Особое место занимает «Краткий российский летописец» Л. (в нем использован «Краткий экстракт…» А. И. Богданова). Он создавался, вероятно, как учебное руководство для вел. князя Павла Петровича (содержит стихотворное посвящение ему). Удобная для преподавания форма обеспечила «Летописцу» редкий успех (3 издания за 1760—1761; нем. пер. П. Я. Штелина — Copenhagen; Leipzig, 1765; англ. перевод — London, 1767). Работа над ним шла параллельно с «Древней российской историей».

В кон. XVIII в. поэты разных ориентации оказались единодушны в оценке деятельности и творчества Л. (Херасков, В. П. Петров, В. И. Майков и др.). Культ Л. от Хераскова унаследовал Муравьев, а от Муравьева — К. Н. Батюшков. Восхищение творчеством Л. и его судьбой характеризует рус. мысль вплоть до Пушкина и Вяземского. Диссонансом в стройном хоре похвал звучит радищевский упрек Л. в лести и предпочтение ему Сумарокова, однако Радищев признает за Л. роль «первого», «вождя» и восхищается его одами («Слово о Ломоносове»).
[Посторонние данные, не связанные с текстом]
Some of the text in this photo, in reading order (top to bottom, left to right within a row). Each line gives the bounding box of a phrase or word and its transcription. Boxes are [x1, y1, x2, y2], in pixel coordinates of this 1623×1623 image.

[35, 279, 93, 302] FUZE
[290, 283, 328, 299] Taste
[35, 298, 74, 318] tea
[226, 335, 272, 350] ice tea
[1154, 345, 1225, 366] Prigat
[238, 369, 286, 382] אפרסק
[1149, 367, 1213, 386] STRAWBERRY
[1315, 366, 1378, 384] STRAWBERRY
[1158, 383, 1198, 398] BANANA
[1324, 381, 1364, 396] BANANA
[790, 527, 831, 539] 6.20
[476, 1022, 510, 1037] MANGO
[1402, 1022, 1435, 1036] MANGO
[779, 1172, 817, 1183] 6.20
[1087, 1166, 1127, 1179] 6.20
На разборах произведений Л. воспитывалась ранняя рус. критика (А. Ф. Мерзляков, П. Ф. Калайдович, М. А. Дмитриев и др.). Л. стал героем первого рус. биографического романа К. А. Полевого (1836).

В рус. критике и общественном сознании Л. долго оставался «Петром Великим русской литературы», как назвал его Батюшков, а затем В. Г. Белинский, подразумевавшие под этим, что именно им были осуществлены коренные реформы рус. языка и стиха.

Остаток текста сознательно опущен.